Он как-то глупо и стеснительно жмет плечами, помогая тем самым более эмоционально обогатить свои слова, и быстро поворачивается, чтобы уйти за Лео, который уже направился в путь. Донни совершенно не умеет разговаривать с людьми. Ботаник. А мне эти прощания поперек горла, поэтому я просто иду следом за братьями. Но только мы трогаемся, как я замечаю, что младший застрял возле Эйприл, тыкая своим толстым зеленым пальцем в ее… место, где под кожей бьется маленькое сердце.

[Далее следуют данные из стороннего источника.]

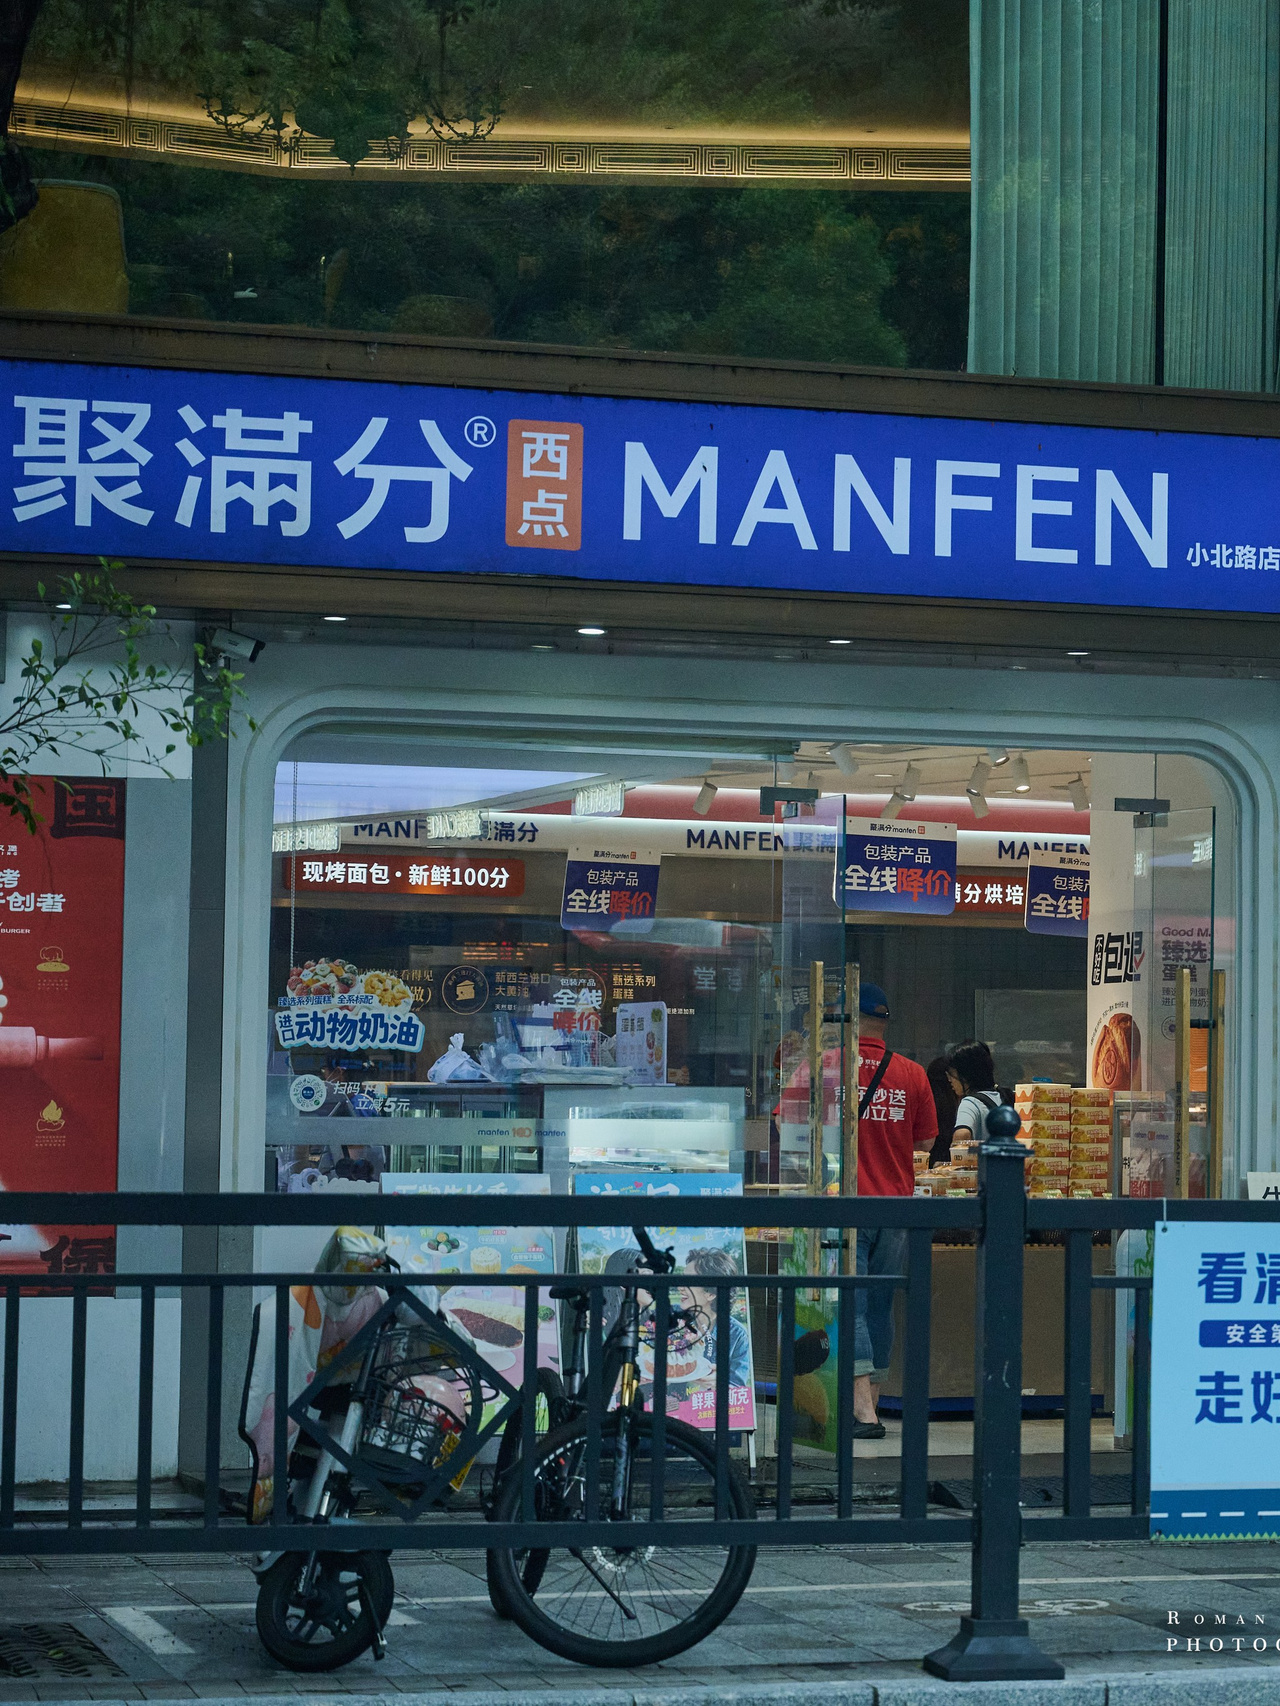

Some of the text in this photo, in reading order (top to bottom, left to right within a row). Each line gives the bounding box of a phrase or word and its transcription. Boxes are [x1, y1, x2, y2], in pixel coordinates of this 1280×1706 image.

[517, 431, 570, 538] 西点
[623, 441, 1169, 568] MANFEN
[1186, 542, 1280, 572] 小北路店
[863, 843, 932, 864] 包装产品
[586, 869, 639, 887] 包装产品
[842, 864, 952, 903] 全线降价
[566, 888, 653, 922] 全线降价
[1161, 926, 1195, 937] Good
[560, 978, 597, 987] 包装产品
[337, 994, 374, 1005] 全系标配
[553, 988, 603, 1011] 全线
[296, 1011, 420, 1047] 动物奶油
[553, 1011, 601, 1034] 降价

- Если я не вернусь, помни обо мне, Эйприл, - доносится до меня мягкий с нотками нежности голос Микеланджело, - ты всегда найдешь меня вот здесь.
Фу, какой ужас. Где он понабрался такой чепуховой романтики? Со Сплинтером мыльные оперы смотрел?! И главное, где он научился говорить таким тоном? Аж мурашки по коже.

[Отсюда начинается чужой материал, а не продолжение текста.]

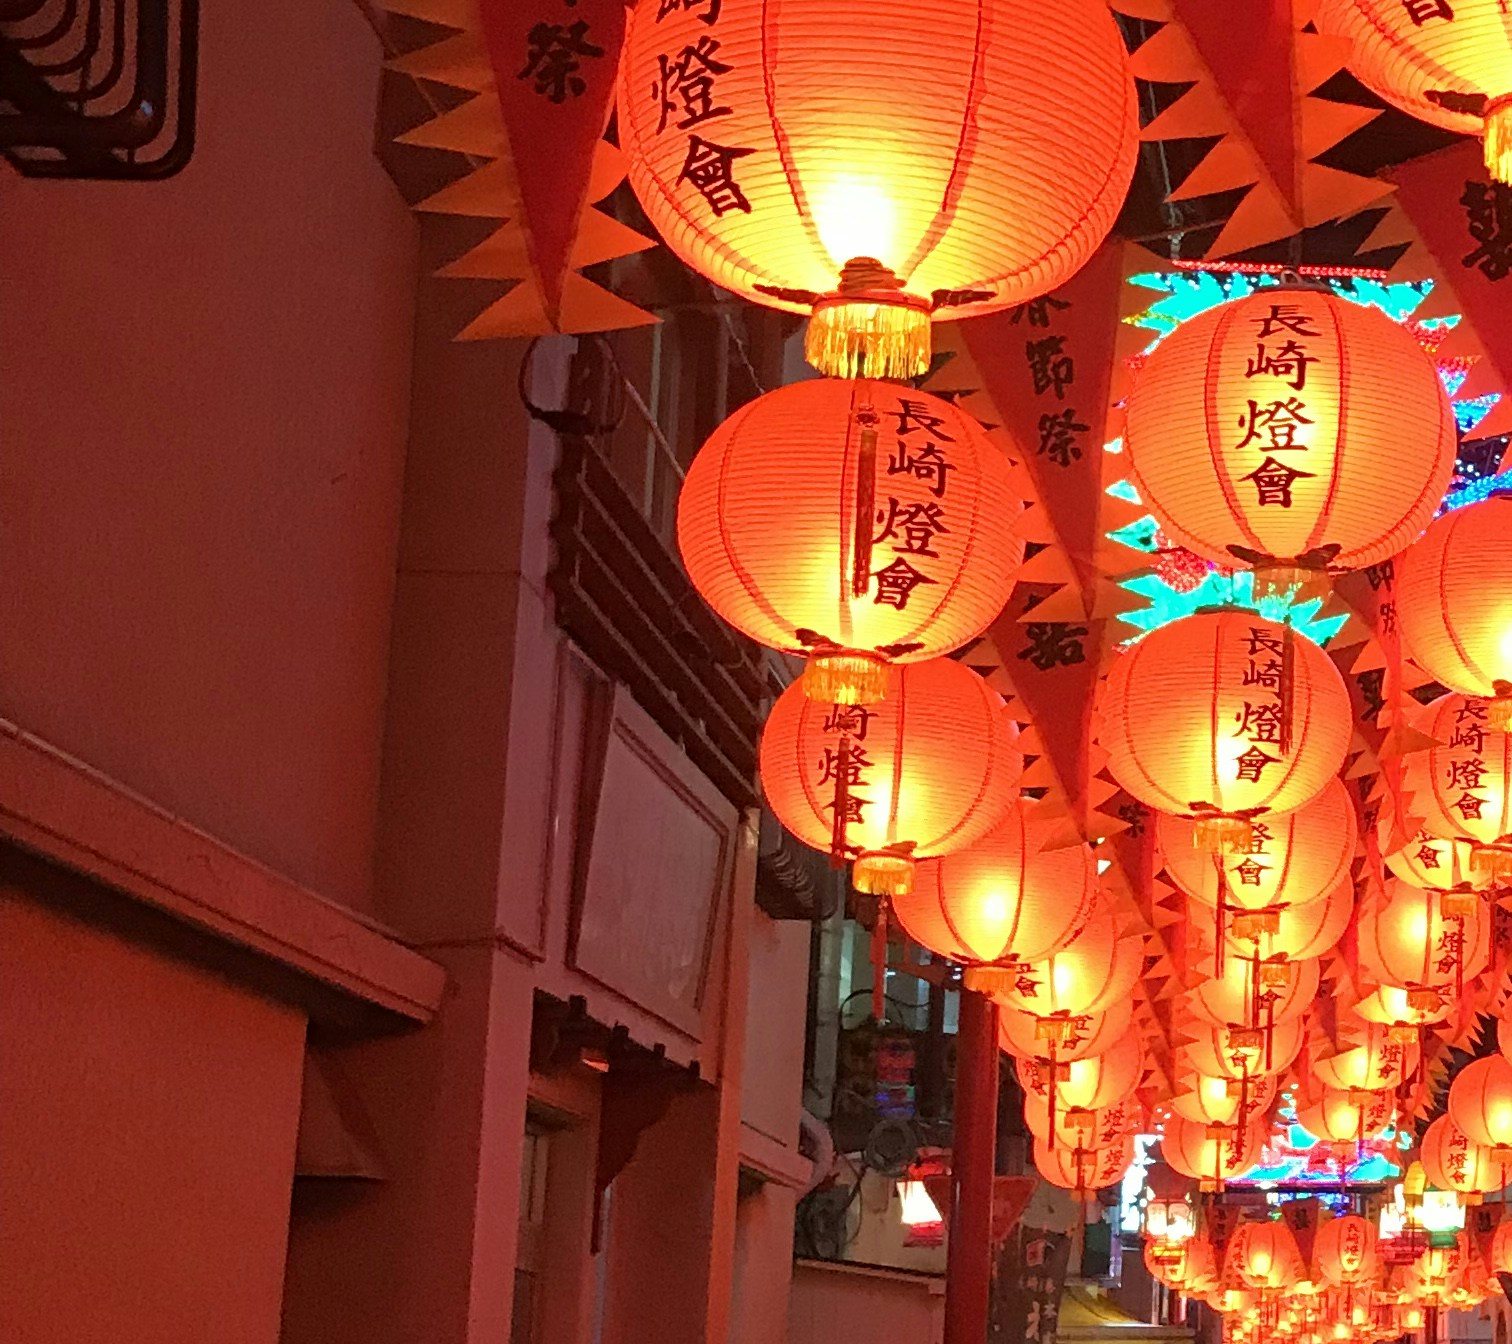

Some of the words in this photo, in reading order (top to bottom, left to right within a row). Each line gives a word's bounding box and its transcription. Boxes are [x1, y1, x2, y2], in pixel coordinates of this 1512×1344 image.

[1235, 304, 1323, 509] 長崎燈會
[871, 397, 957, 612] 長崎燈會
[1232, 626, 1285, 784] 長崎燈會
[1446, 699, 1491, 821] 長崎燈會

Я возвожу глаза к небу и хватаю горе-романтика за шкирку. Успеешь еще к ней поприставать. Сейчас курлыкать будешь Шреддеру. Может, оценит.
Мы бежим вверх со стоянки так быстро, что у меня перехватывает дыхание. Не то, чтобы я так смертельно устал (что вы, сегодняшний раунд с моими конечностями, просто не мог никак на мне отразиться; простите, денек выдался неважный), но мои ноги потихоньку начинают мне дерзить, отставая от моего тела на шаг, так что мое лицо норовит каждый раз уйти обратно к полу.
- Лифт прямо за углом, - кричит на бегу Донни. Ну, слава панцирю, хоть дух можно будет перевести. Бегущий впереди Лео поворачивается к нам.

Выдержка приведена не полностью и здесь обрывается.